● **Study material**:
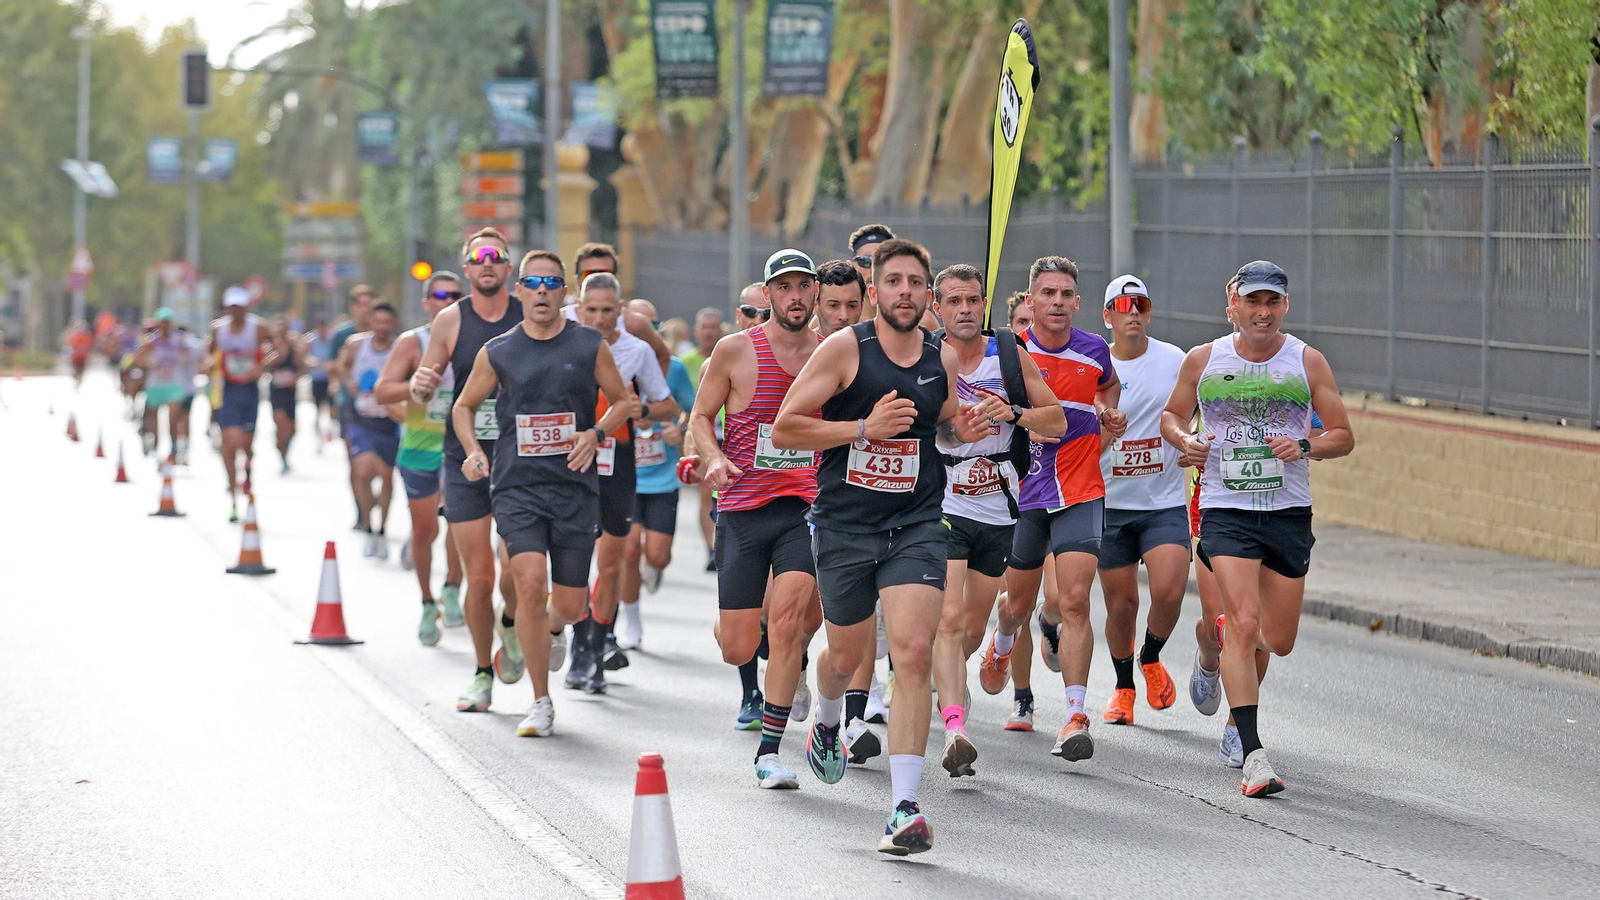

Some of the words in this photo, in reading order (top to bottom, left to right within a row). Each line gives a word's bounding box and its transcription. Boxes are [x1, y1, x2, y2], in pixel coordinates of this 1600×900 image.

[532, 428, 561, 442] 538
[1224, 425, 1243, 444] Los
[865, 455, 904, 475] 433
[1124, 451, 1152, 465] 278
[967, 464, 998, 484] 584
[1241, 461, 1263, 477] 40
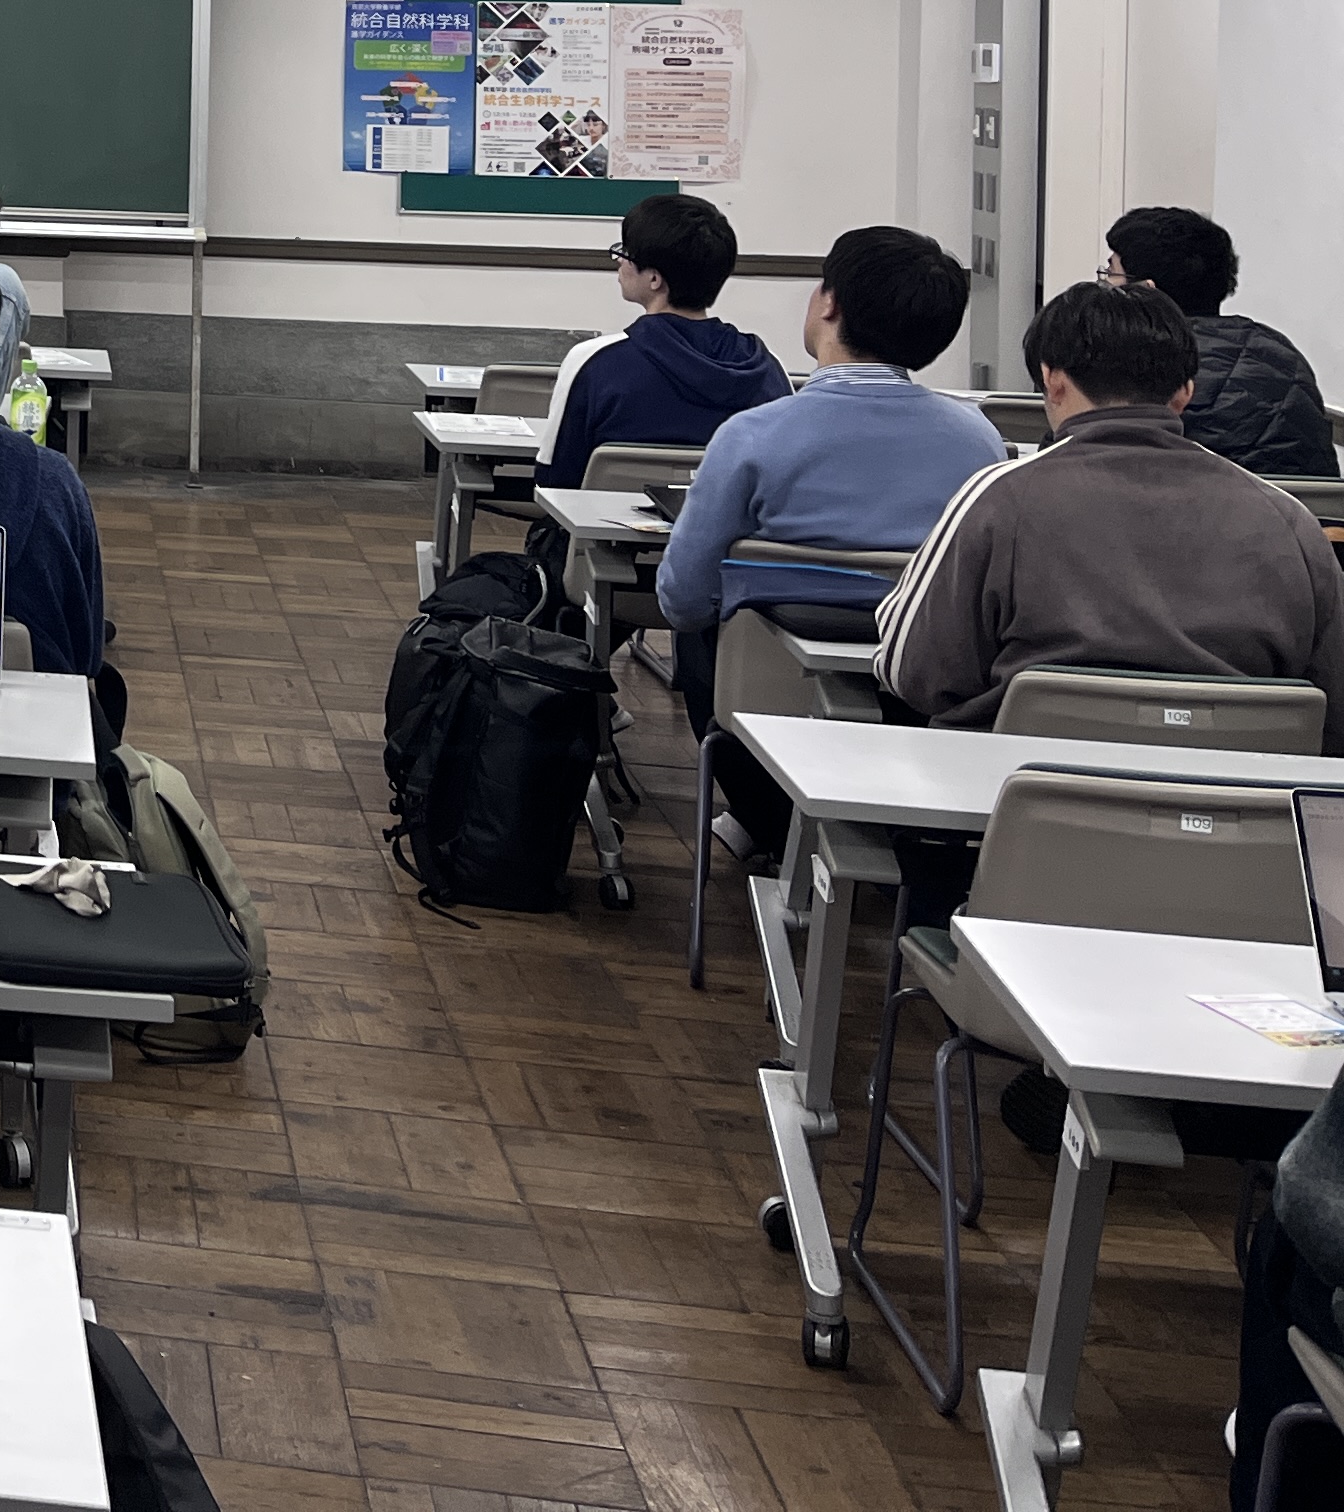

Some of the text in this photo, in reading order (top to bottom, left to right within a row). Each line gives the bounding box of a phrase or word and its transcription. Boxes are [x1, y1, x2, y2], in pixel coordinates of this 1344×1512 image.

[351, 12, 470, 30] 統合自然科学科
[641, 36, 714, 45] 統合自然科学科の
[483, 94, 601, 108] 統合生命科学コース
[1167, 711, 1191, 722] 109
[1185, 816, 1211, 829] 109

● **Activity**: What's needed is every record restated exactly, pictures excluded.

● **Answer to the exercise**:
Some of the words in this photo, in reading order (top to bottom, left to right within a row). Each line gives a word's bounding box and its transcription. Boxes are [x1, y1, x2, y2], in pixel coordinates of this 1600×900 image.

[532, 428, 561, 442] 538
[1224, 425, 1243, 444] Los
[865, 455, 904, 475] 433
[1124, 451, 1152, 465] 278
[967, 464, 998, 484] 584
[1241, 461, 1263, 477] 40

Some of the text in this photo, in reading order (top to bottom, left to right within a row). Each line gives the bounding box of a phrase or word and its transcription. Boxes are [x1, y1, x2, y2], in pixel coordinates of this 1344×1512 image.

[351, 12, 470, 30] 統合自然科学科
[641, 36, 714, 45] 統合自然科学科の
[483, 94, 601, 108] 統合生命科学コース
[1167, 711, 1191, 722] 109
[1185, 816, 1211, 829] 109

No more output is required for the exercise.